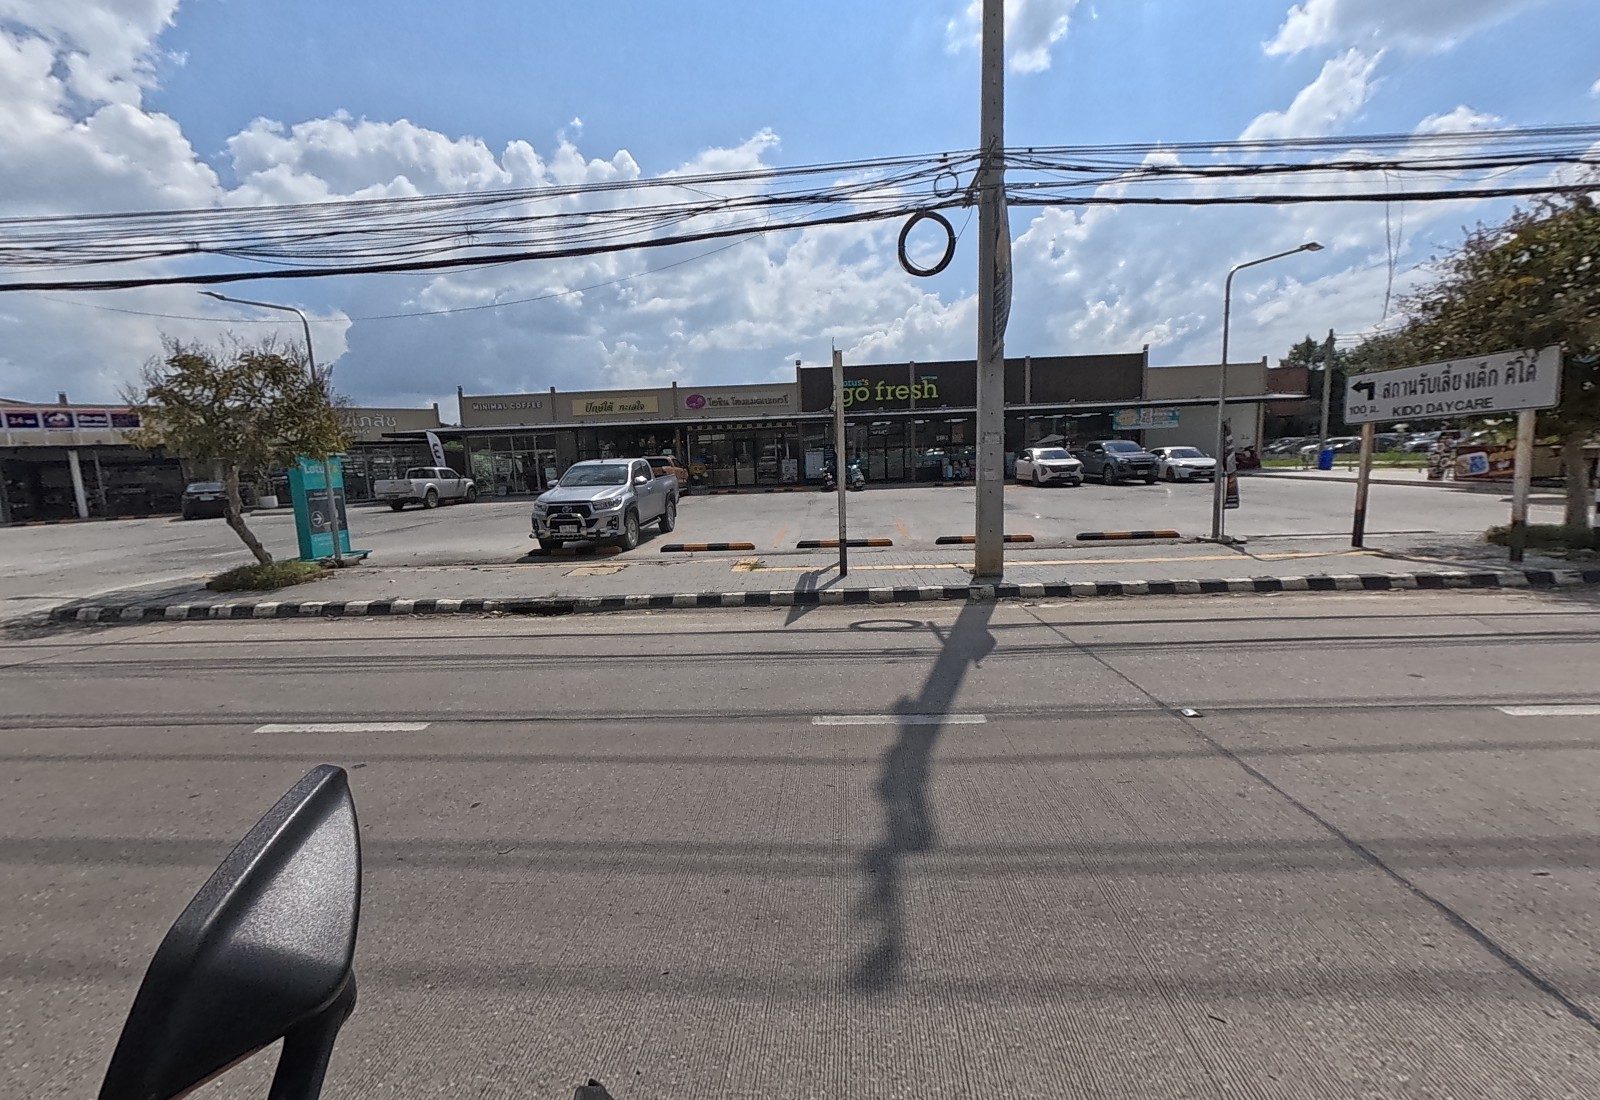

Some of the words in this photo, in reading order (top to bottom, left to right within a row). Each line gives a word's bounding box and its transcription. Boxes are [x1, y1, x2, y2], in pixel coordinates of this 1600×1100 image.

[1383, 361, 1499, 400] สถานรับเลี้ยงเด็ก
[843, 386, 870, 407] go
[875, 380, 939, 401] fresh
[472, 402, 508, 411] MINIMAL
[510, 401, 543, 410] COFFEE
[1349, 404, 1367, 415] 100
[1392, 404, 1423, 417] KIDO
[1426, 397, 1494, 414] DAYCARE
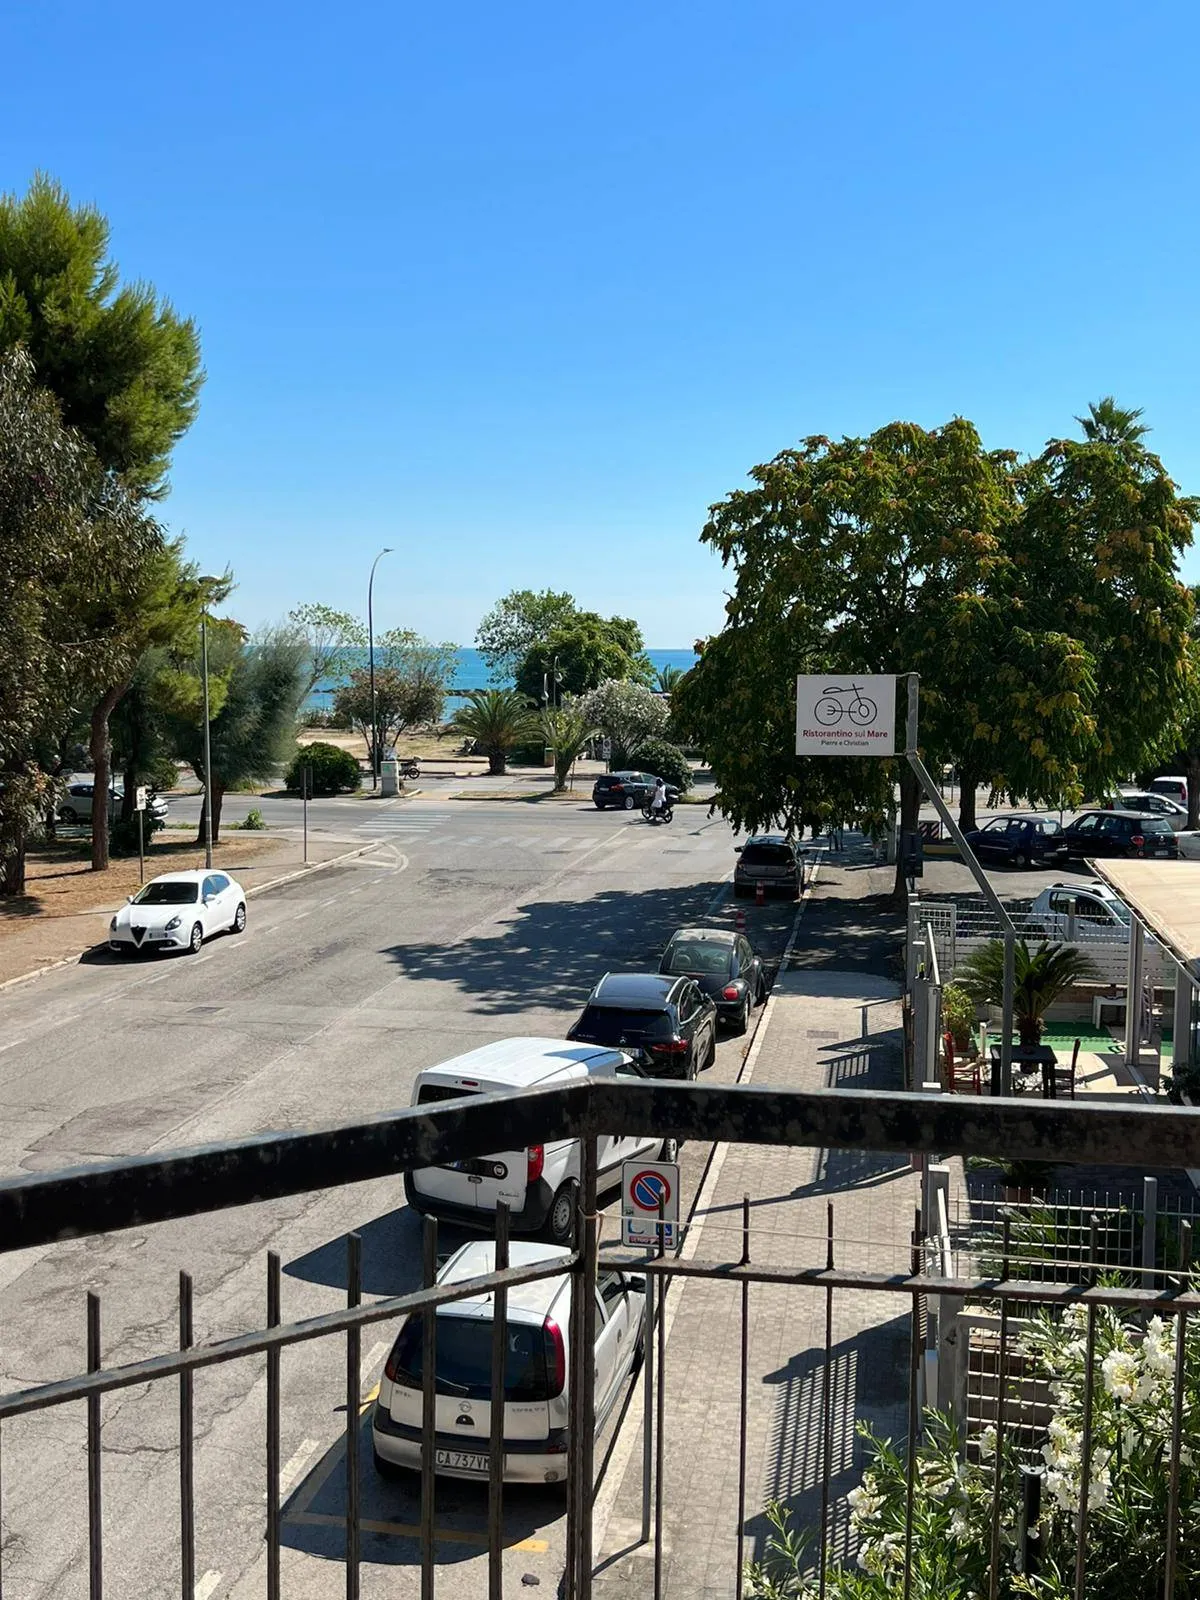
______________________________
Reproduce the records above exactly, leaving out every picture they contain.

Some of the words in this photo, in reading order (top to bottom, left to right within a row). Each line gives a word's bounding box and its transcription. Boxes are [x1, y1, x2, y2], in pixel coordinates of this 1600×1100 image.

[1383, 361, 1499, 400] สถานรับเลี้ยงเด็ก
[843, 386, 870, 407] go
[875, 380, 939, 401] fresh
[472, 402, 508, 411] MINIMAL
[510, 401, 543, 410] COFFEE
[1349, 404, 1367, 415] 100
[1392, 404, 1423, 417] KIDO
[1426, 397, 1494, 414] DAYCARE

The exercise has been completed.